Saying the Drobo is slow is like saying dry ice is cold or that the Buckeyes are just another football team. Running our HD Tach benchmark test on the Drobo was like waiting for water to boil, only to find that the burner wasn’t even on to begin with.

Although Data Robotics swears the Drobo doesn’t use RAID for data redundancy, the device’s proprietary technology is basically a giant RAID in a box. You toss a hard drive into one of the device’s four hot-swap-style openings, and the Drobo constantly auto-configures the array. It uses your biggest hard drive as a mirror backup of your data and runs like a RAID 5 when you have three or four drives present.

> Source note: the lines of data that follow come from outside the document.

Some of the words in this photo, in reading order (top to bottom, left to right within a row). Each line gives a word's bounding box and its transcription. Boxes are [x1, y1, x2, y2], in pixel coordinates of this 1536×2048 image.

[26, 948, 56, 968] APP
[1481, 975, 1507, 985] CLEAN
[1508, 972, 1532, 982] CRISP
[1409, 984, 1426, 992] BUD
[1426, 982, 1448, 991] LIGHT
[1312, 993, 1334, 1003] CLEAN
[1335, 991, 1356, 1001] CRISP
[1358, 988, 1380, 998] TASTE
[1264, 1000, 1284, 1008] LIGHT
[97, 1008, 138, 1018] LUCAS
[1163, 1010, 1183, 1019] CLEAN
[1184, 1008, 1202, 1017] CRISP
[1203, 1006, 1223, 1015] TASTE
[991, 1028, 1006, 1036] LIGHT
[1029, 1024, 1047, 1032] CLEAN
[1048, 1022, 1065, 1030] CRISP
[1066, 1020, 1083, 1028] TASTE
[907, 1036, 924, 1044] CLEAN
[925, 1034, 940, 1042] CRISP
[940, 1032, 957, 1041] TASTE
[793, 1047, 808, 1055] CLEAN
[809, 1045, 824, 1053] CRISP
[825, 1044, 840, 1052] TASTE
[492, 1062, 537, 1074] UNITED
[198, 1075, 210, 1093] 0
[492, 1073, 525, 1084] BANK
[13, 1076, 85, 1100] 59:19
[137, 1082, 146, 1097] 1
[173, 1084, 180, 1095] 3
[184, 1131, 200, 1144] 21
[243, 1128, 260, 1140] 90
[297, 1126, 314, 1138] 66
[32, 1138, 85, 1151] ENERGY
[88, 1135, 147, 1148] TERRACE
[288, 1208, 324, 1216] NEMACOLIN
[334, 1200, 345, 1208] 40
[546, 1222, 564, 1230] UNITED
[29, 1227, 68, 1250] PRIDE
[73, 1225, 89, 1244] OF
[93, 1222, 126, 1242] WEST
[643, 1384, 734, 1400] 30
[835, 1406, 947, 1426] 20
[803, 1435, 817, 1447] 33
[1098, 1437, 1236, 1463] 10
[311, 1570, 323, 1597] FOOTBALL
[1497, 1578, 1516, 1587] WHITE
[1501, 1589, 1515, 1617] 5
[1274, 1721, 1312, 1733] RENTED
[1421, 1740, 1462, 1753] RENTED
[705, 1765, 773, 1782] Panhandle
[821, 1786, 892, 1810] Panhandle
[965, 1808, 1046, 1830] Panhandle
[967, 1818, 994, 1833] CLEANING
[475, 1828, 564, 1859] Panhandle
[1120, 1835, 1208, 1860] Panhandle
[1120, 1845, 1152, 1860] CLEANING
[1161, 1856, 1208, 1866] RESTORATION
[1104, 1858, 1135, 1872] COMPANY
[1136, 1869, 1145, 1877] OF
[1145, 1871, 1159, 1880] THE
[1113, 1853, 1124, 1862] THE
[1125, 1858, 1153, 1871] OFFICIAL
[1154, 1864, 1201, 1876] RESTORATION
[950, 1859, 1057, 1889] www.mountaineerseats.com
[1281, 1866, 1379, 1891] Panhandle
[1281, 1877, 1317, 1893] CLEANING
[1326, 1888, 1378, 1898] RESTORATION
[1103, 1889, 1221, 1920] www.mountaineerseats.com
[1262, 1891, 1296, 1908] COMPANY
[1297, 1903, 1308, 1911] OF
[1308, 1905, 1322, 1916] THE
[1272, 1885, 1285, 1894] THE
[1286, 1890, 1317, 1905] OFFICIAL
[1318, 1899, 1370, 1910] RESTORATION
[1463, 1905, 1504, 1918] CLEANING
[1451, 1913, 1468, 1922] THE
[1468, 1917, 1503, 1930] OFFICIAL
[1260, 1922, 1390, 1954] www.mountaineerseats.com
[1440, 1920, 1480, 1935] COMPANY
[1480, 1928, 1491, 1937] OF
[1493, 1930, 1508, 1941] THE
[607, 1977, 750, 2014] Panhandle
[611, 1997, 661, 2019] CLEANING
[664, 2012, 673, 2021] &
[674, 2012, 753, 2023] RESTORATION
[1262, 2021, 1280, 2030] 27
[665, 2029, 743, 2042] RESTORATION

Unlike a normal striped array, the Drobo doesn’t limit your total array capacity to the number of hard drives you have multiplied by the smallest drive’s capacity. If you want to use the Drobo to format a single drive that’s already been chained to an array, you have to jam a paper clip into the Dro’s butt—the included software won’t do it for you.

We wonder why the Drobo defaults to a protection setup when you have only one drive in the unit. Yes, the device is ideally designed for more than one drive, but there’s no benefit to stashing away half a drive’s contents for protection if the entire drive fails.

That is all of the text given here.